ACTIVITY ▸ Only the lines from the one containing "this 1344×1134 image." to the end of the listing below are wanted, repeated exactly.

DATA TO EXAMINE ▸

== Segment start ==

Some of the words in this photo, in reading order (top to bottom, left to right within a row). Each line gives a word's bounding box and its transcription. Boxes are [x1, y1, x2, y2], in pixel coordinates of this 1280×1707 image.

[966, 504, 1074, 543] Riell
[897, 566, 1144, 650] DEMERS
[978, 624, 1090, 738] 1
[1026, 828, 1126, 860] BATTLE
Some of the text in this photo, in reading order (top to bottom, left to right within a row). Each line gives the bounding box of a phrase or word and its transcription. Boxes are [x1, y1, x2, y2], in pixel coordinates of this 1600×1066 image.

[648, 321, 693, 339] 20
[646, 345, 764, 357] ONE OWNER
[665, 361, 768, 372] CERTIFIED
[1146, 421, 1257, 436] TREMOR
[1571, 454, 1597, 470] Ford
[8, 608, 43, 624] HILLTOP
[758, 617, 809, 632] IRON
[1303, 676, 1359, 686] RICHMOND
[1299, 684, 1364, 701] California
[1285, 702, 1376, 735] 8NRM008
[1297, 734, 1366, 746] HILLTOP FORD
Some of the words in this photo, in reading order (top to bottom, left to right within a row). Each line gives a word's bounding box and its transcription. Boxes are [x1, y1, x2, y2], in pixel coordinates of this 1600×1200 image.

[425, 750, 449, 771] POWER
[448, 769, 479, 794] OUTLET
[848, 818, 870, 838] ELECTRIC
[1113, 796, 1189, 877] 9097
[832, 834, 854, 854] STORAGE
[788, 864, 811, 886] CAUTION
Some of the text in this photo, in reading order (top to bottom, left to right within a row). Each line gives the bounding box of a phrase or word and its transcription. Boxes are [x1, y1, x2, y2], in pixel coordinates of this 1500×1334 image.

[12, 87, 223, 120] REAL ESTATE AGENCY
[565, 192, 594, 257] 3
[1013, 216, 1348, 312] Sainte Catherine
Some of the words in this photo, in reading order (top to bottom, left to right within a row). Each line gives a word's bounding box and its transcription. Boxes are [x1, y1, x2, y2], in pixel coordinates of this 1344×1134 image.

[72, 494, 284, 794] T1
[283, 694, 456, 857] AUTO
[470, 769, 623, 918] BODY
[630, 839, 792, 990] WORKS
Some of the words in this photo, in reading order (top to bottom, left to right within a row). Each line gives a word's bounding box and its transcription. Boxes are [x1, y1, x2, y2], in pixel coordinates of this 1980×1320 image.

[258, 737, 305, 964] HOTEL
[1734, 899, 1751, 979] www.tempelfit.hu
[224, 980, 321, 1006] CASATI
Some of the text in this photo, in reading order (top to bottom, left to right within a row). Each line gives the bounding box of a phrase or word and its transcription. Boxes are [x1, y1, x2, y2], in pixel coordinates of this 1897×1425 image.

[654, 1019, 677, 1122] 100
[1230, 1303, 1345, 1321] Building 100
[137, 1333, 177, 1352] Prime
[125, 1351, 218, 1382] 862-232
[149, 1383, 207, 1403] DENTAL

== Segment end ==

RESPONSE TO THIS EXERCISE ▸
Some of the words in this photo, in reading order (top to bottom, left to right within a row). Each line gives a word's bounding box and its transcription. Boxes are [x1, y1, x2, y2], in pixel coordinates of this 1344×1134 image.

[72, 494, 284, 794] T1
[283, 694, 456, 857] AUTO
[470, 769, 623, 918] BODY
[630, 839, 792, 990] WORKS
Some of the words in this photo, in reading order (top to bottom, left to right within a row). Each line gives a word's bounding box and its transcription. Boxes are [x1, y1, x2, y2], in pixel coordinates of this 1980×1320 image.

[258, 737, 305, 964] HOTEL
[1734, 899, 1751, 979] www.tempelfit.hu
[224, 980, 321, 1006] CASATI
Some of the text in this photo, in reading order (top to bottom, left to right within a row). Each line gives the bounding box of a phrase or word and its transcription. Boxes are [x1, y1, x2, y2], in pixel coordinates of this 1897×1425 image.

[654, 1019, 677, 1122] 100
[1230, 1303, 1345, 1321] Building 100
[137, 1333, 177, 1352] Prime
[125, 1351, 218, 1382] 862-232
[149, 1383, 207, 1403] DENTAL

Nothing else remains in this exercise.